Subtropical dairy systems lack enterprise diversification, which exposes producers to the full impacts of any milk price fluctuations at the farm-gate. In the years prior to deregulation farm-gate milk price averaged 40 cents/liter (c/l) whereas in the 10 years following deregulation the milk price paid has ranged from 35 to 60 c/l (Steve Spencer, personal communication).

The case study is based in northern NSW and southeast Queensland where the industry is concentrated (Fig. 1). Operating as high-cost single enterprise production systems within a limited domestic liquid milk market, the industry was particularly exposed to the unpredictability of the open market system imposed through deregulation.

Resilience thinking

Resilience thinking is founded on the premise that the natural state of a system is one of change rather than stability (Folke 2006; Walker and Salt 2006; Gunderson and Holling 2002). System resilience refers to “the capacity of a system to absorb disturbance and reorganize so as to retain essentially the same function, structure, identity and feedbacks” (Walker et al. 2010, p. 11). Self-organization is a feature of SESs in that humans have the capacity for foresight, reflexivity and to intentionally take action (Walker et al. 2006).
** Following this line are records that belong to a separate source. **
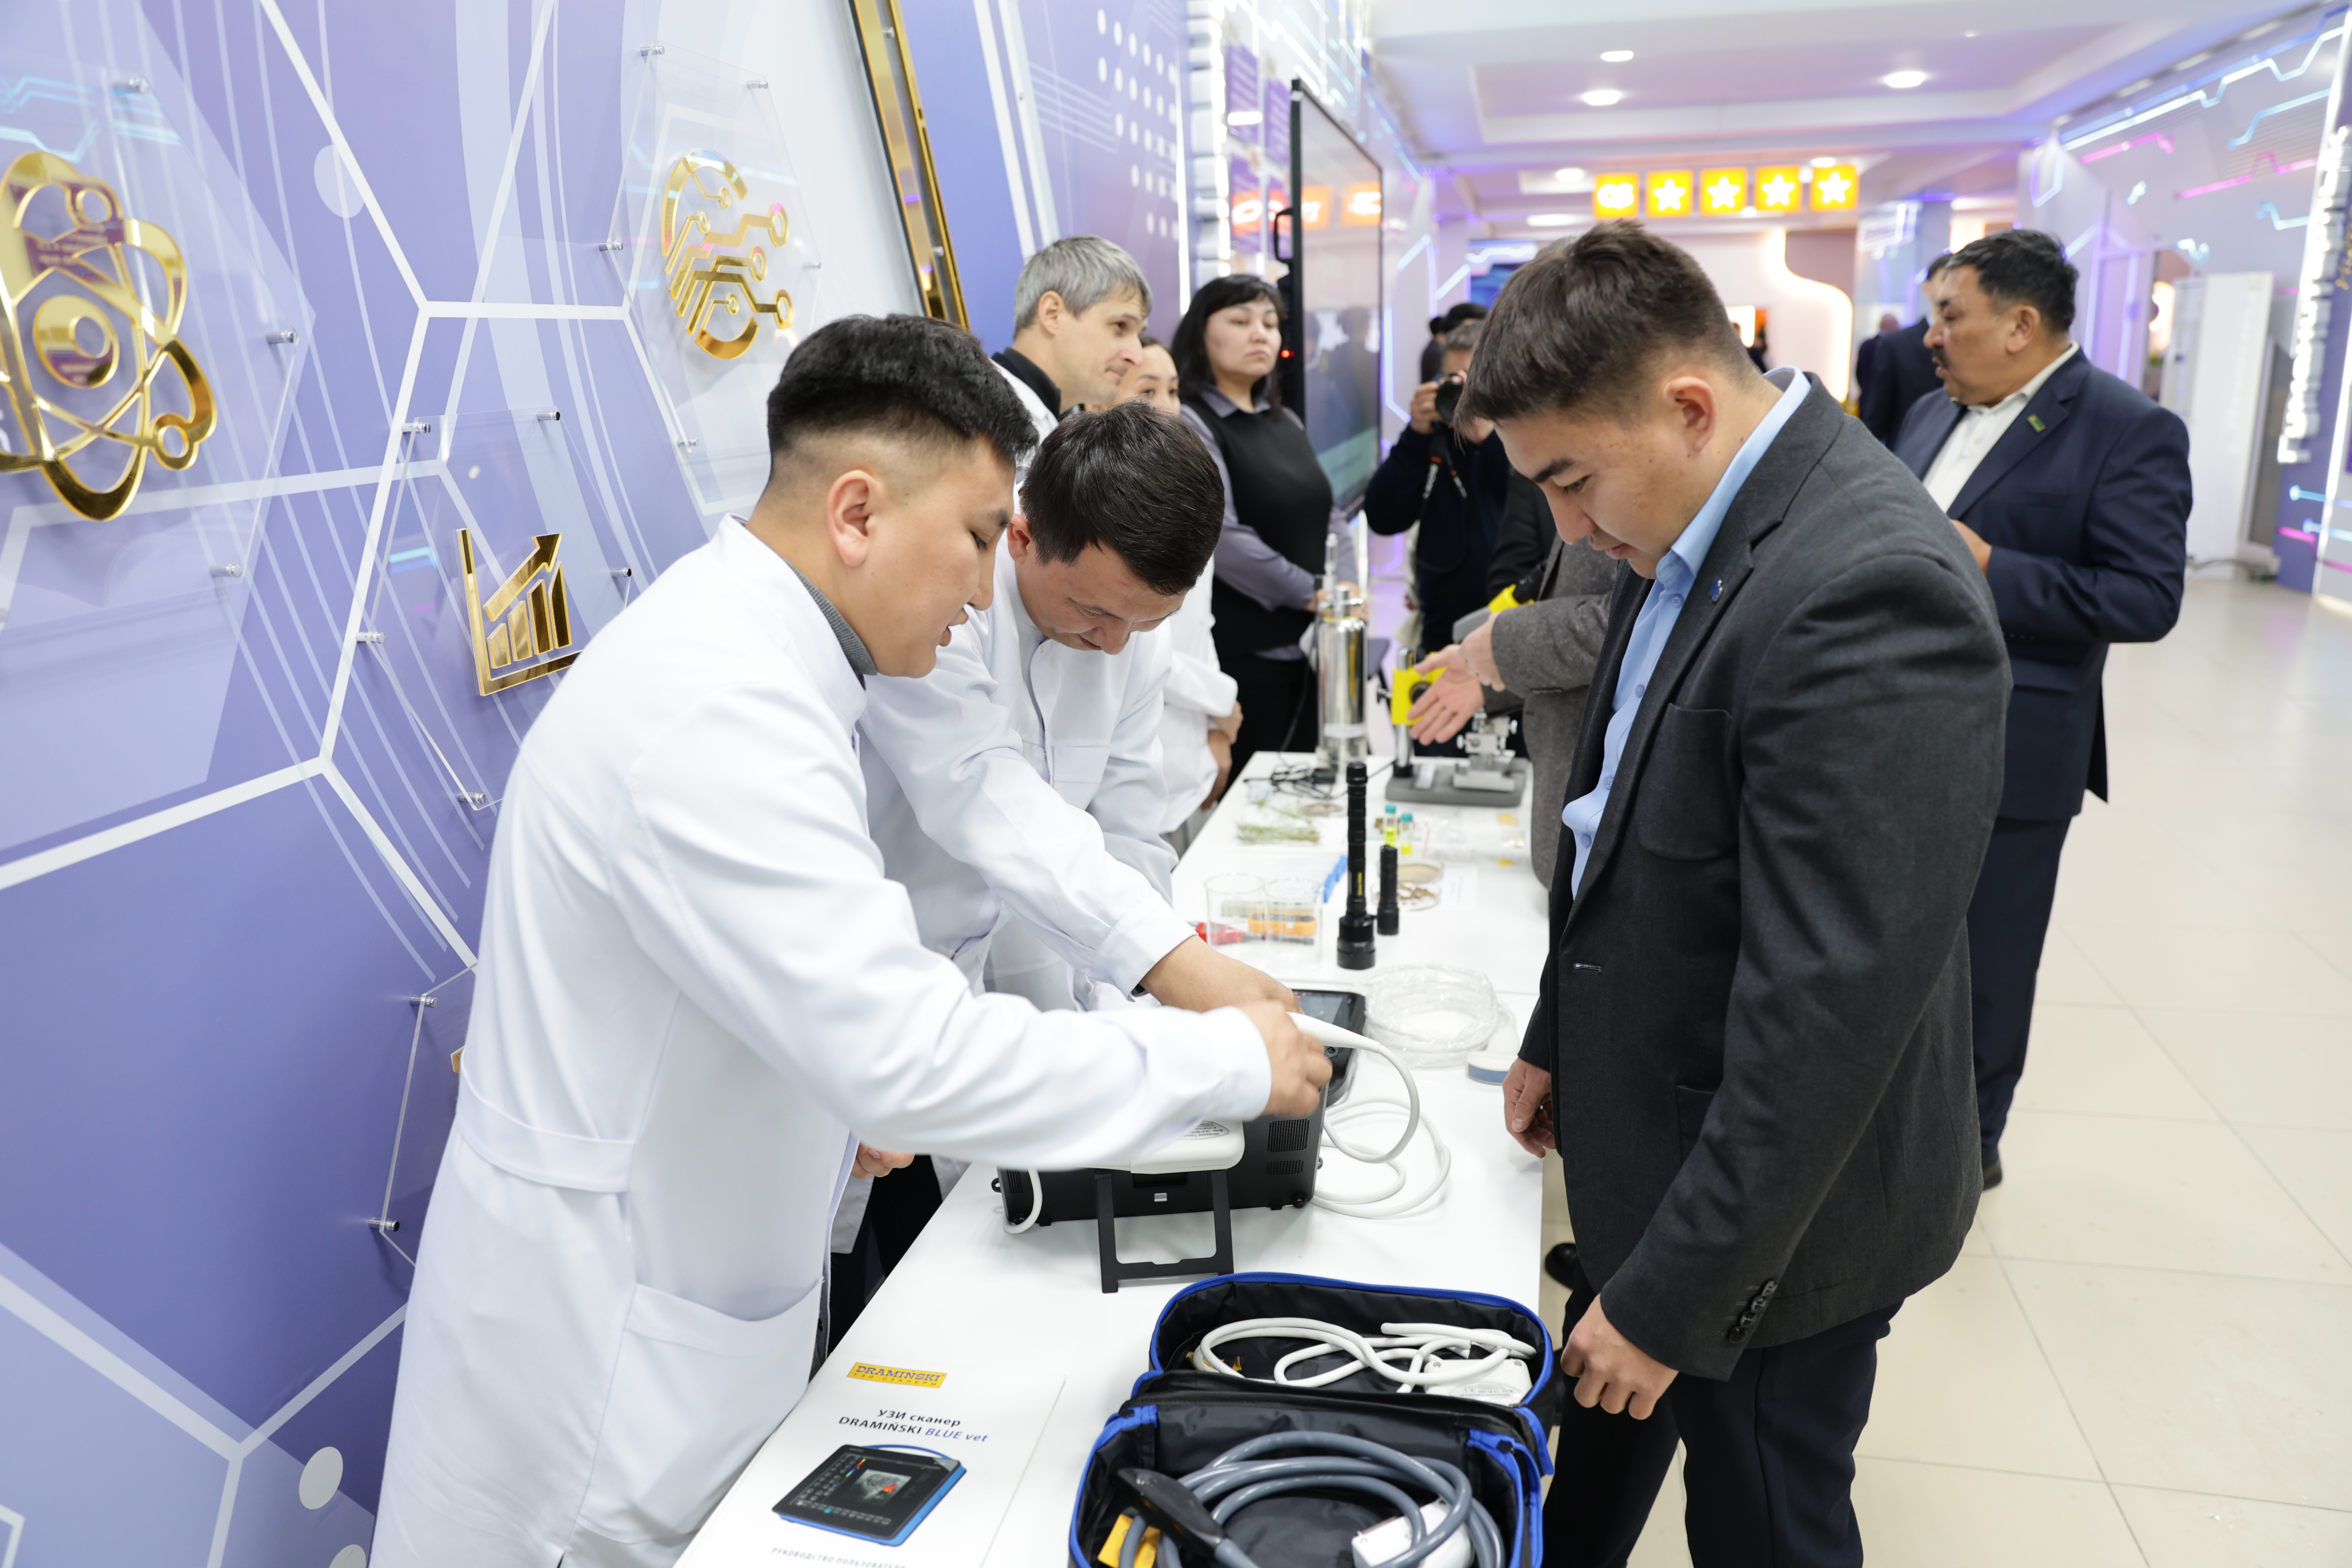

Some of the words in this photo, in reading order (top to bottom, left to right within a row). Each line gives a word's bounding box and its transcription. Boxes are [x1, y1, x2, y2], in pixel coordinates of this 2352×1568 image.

[882, 1377, 937, 1386] СКАНЕРЫ
[877, 1409, 907, 1419] УЗИ
[909, 1414, 960, 1427] сканер
[838, 1416, 923, 1434] DRAMIŃSKI
[924, 1428, 963, 1439] BLUE
[965, 1434, 989, 1442] vet
[771, 1547, 835, 1563] РУКОВОДСТВО
Resilience theory offers a framework to understand the processes of change in SESs. The theory focuses on the dynamics of systems by exploring linkages across time and space, and the interplay between social, economic, and biophysical domains (Darnhofer et al. 2010). The framework is underpinned by six concepts: (1) nonlinearity, alternate regimes, and thresholds; (2) the adaptive cycle; (3) panarchy; (4) adaptability; (5) transformability; and (6) general and specified resilience (Folke 2006; Walker et al. 2004; Walker and Salt 2012).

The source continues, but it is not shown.